### [EXERCISE INSTRUCTIONS]
Output all entries exactly; images excluded.

*** RECORDS TO USE ***

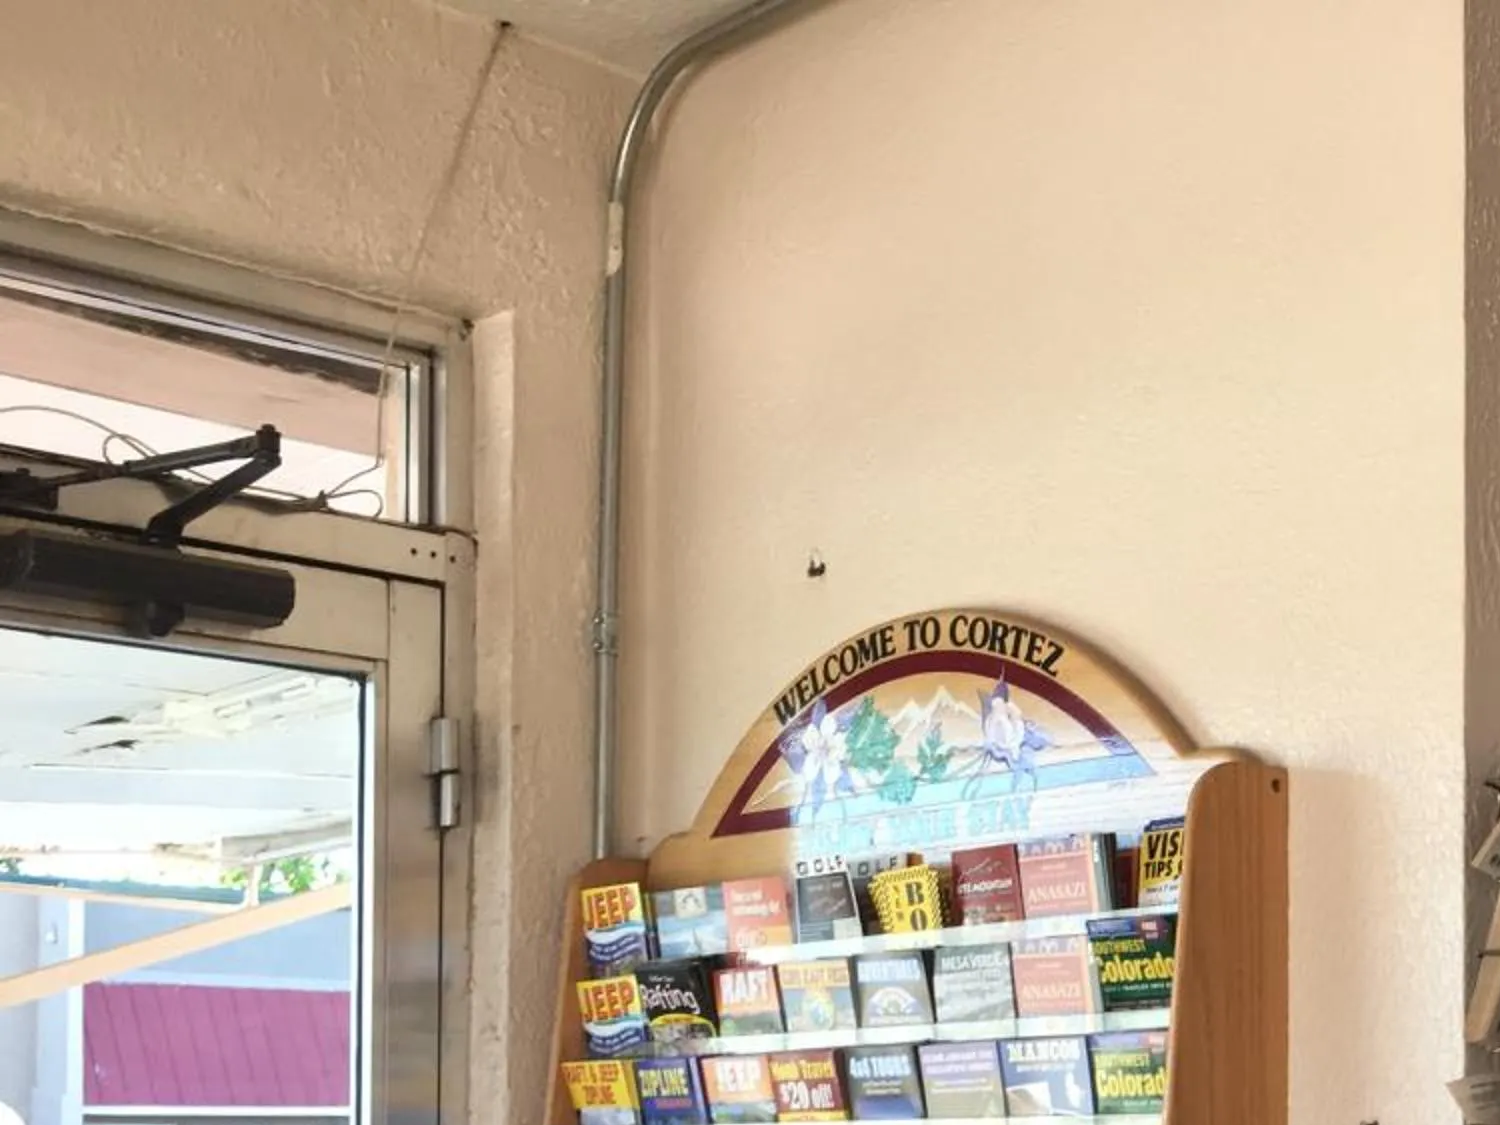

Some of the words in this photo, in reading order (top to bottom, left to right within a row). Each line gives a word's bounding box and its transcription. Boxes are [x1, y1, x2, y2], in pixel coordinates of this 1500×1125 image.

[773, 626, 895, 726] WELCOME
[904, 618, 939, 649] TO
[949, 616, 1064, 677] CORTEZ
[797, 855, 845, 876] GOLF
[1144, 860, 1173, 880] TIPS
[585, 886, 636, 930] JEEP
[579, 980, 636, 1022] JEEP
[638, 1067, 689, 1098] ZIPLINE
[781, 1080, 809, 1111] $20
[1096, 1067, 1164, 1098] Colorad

***

### [OUTPUT FOR THIS TASK]
Some of the words in this photo, in reading order (top to bottom, left to right within a row). Each line gives a word's bounding box and its transcription. Boxes are [x1, y1, x2, y2], in pixel coordinates of this 1500×1125 image.

[773, 626, 895, 726] WELCOME
[904, 618, 939, 649] TO
[949, 616, 1064, 677] CORTEZ
[797, 855, 845, 876] GOLF
[1144, 860, 1173, 880] TIPS
[585, 886, 636, 930] JEEP
[579, 980, 636, 1022] JEEP
[638, 1067, 689, 1098] ZIPLINE
[781, 1080, 809, 1111] $20
[1096, 1067, 1164, 1098] Colorad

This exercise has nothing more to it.